(Beginning of Exercise materials)
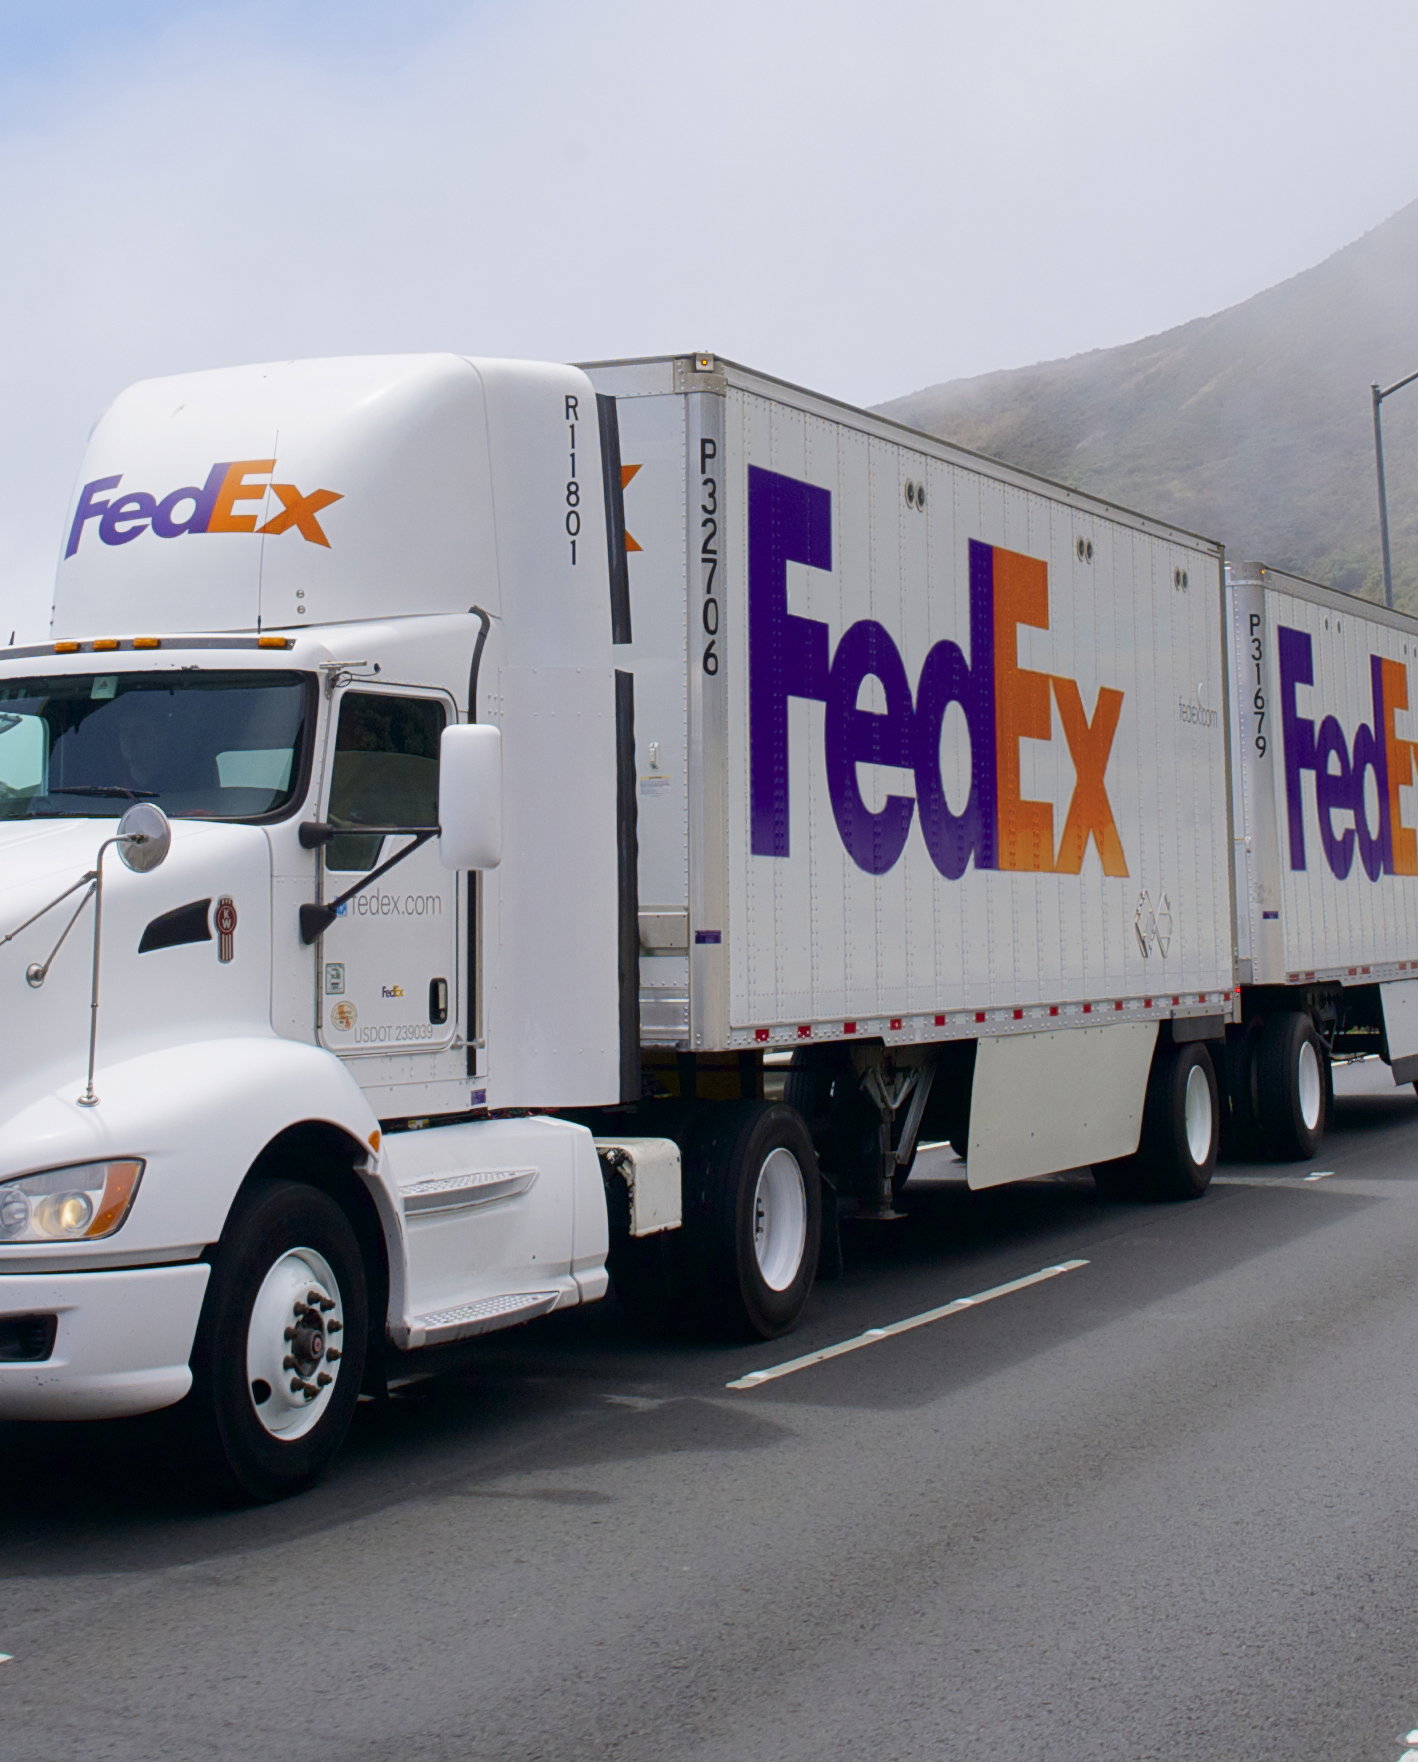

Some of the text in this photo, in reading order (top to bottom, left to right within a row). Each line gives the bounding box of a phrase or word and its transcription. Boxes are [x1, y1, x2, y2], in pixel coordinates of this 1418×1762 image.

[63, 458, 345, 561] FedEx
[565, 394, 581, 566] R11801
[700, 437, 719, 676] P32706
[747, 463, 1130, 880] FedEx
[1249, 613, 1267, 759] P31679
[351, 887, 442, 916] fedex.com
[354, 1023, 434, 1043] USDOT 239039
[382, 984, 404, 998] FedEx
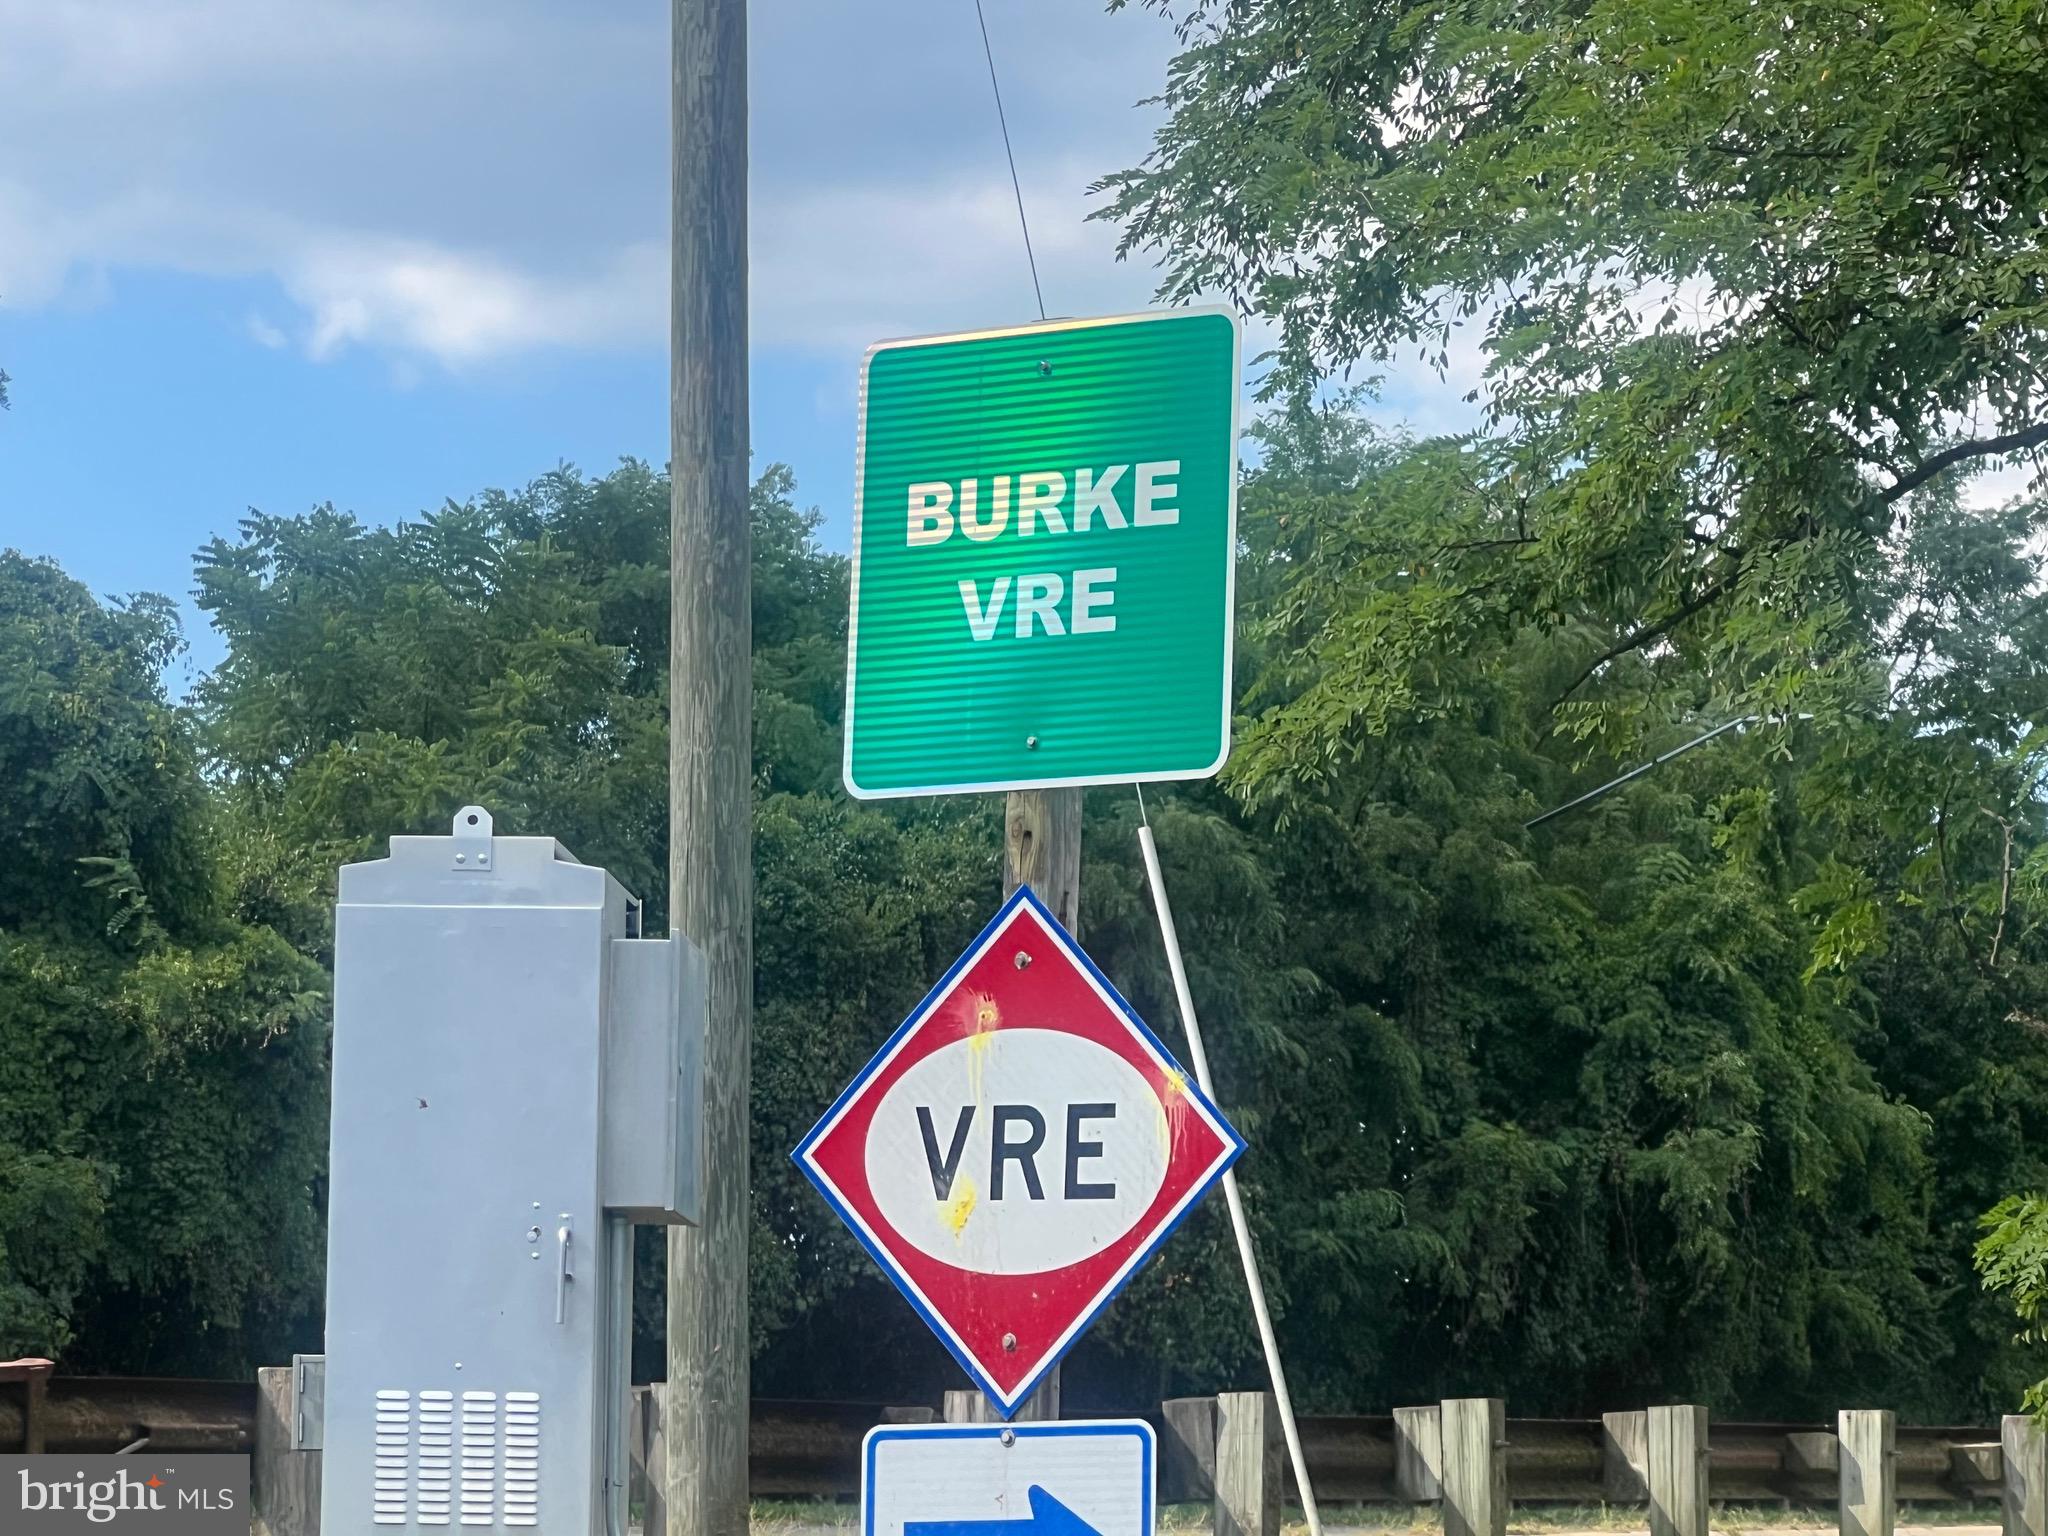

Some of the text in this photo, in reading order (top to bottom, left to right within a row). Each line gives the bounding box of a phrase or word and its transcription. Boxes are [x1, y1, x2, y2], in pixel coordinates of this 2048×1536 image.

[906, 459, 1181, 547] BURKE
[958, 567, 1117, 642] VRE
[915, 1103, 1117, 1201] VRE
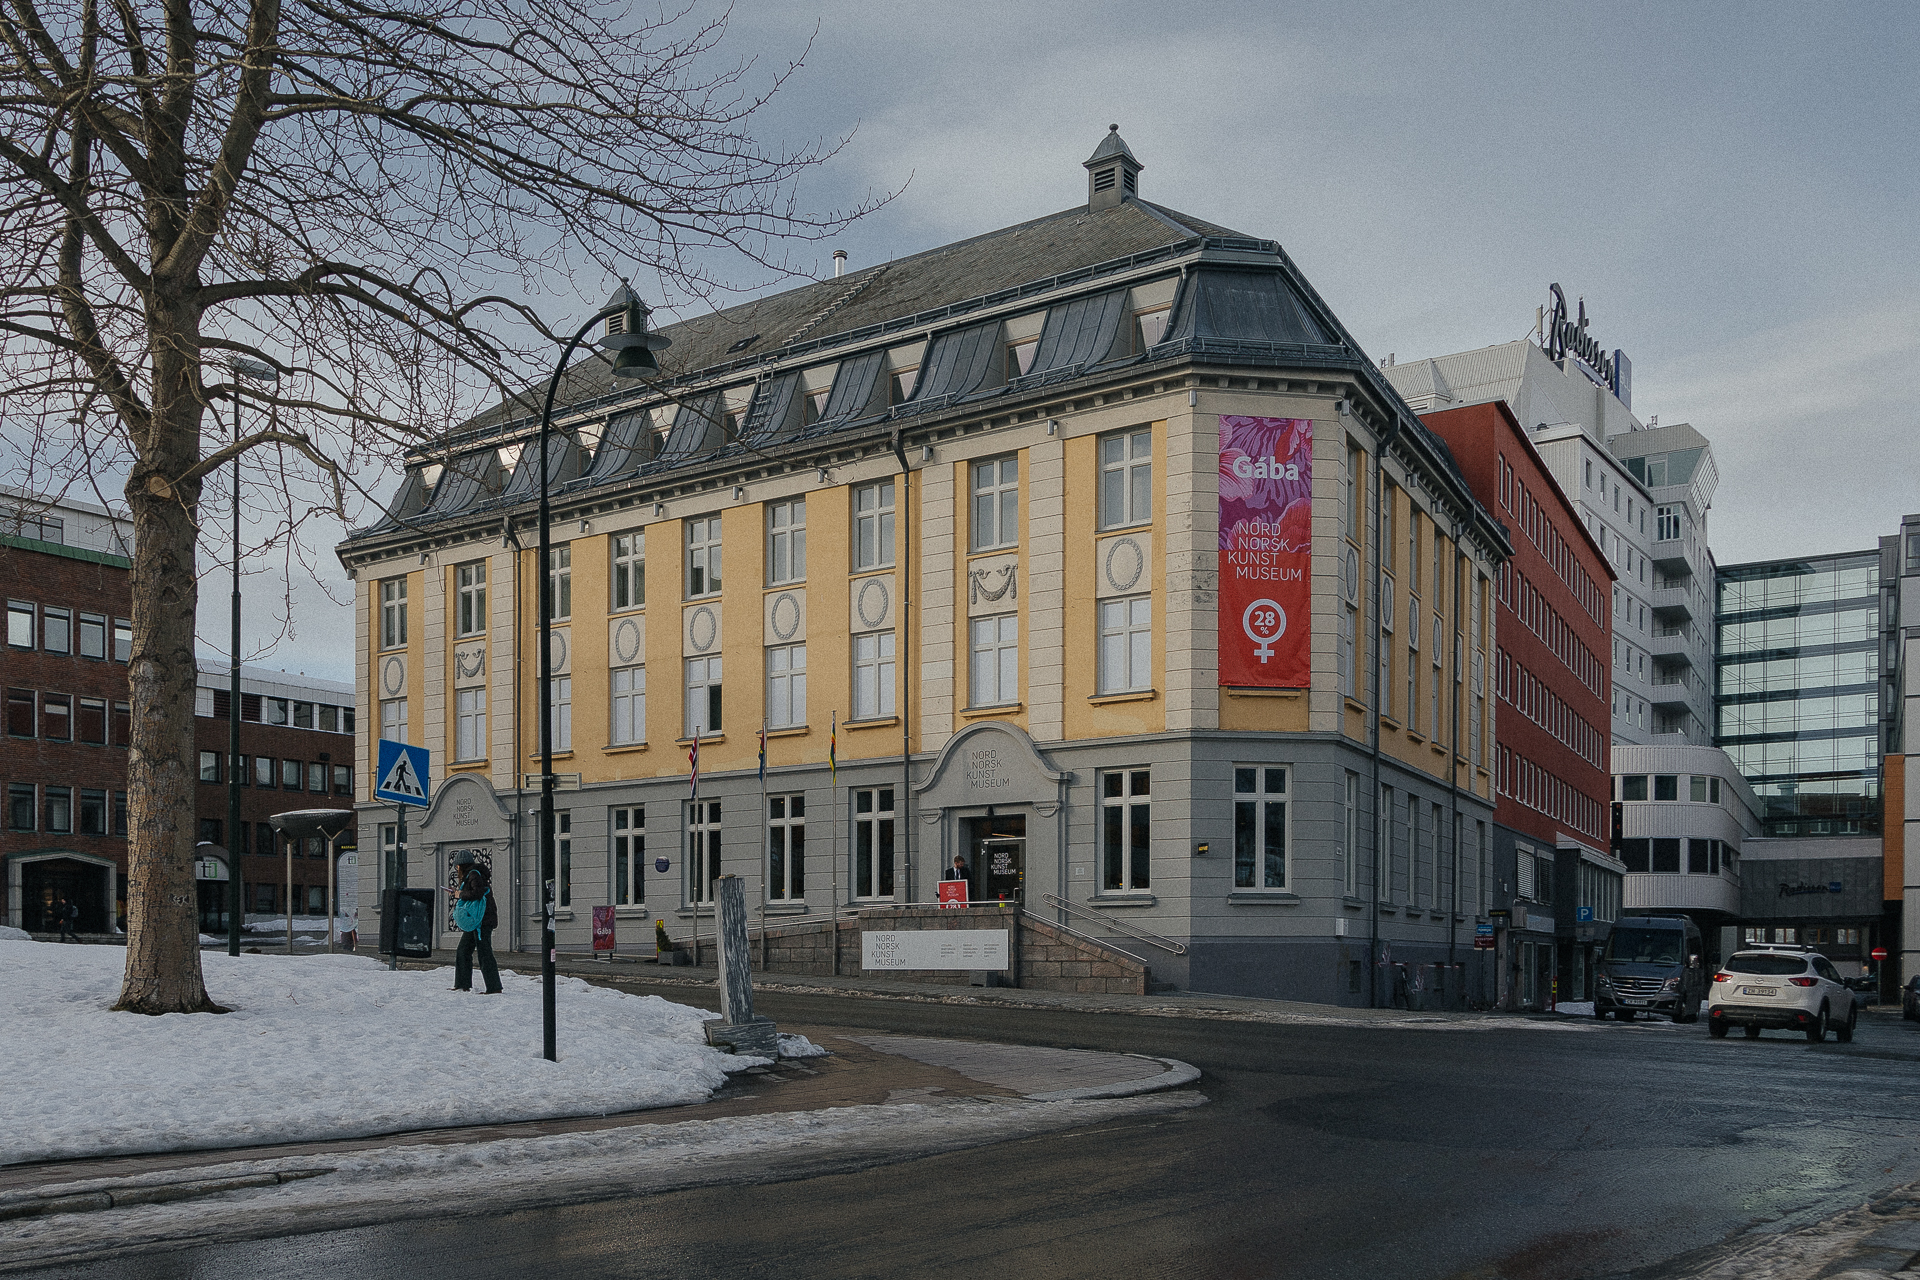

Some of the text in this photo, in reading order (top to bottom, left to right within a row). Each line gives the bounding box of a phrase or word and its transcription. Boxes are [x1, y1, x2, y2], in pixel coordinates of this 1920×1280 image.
(End of Exercise materials)
# [Exercise prompt]
Skip the pictures and retype exactly the lines from the one that contains "this 2048×1536 image." to the last line of the records.

# [Task output]
Some of the text in this photo, in reading order (top to bottom, left to right within a row). Each line gives the bounding box of a phrase or word and its transcription. Boxes are [x1, y1, x2, y2], in pixel coordinates of this 2048×1536 image.

[906, 459, 1181, 547] BURKE
[958, 567, 1117, 642] VRE
[915, 1103, 1117, 1201] VRE

Some of the text in this photo, in reading order (top to bottom, left to right within a row). Each line gives the bounding box of a phrase or word and its transcription. Boxes are [x1, y1, x2, y2], in pixel coordinates of this 1920×1280 image.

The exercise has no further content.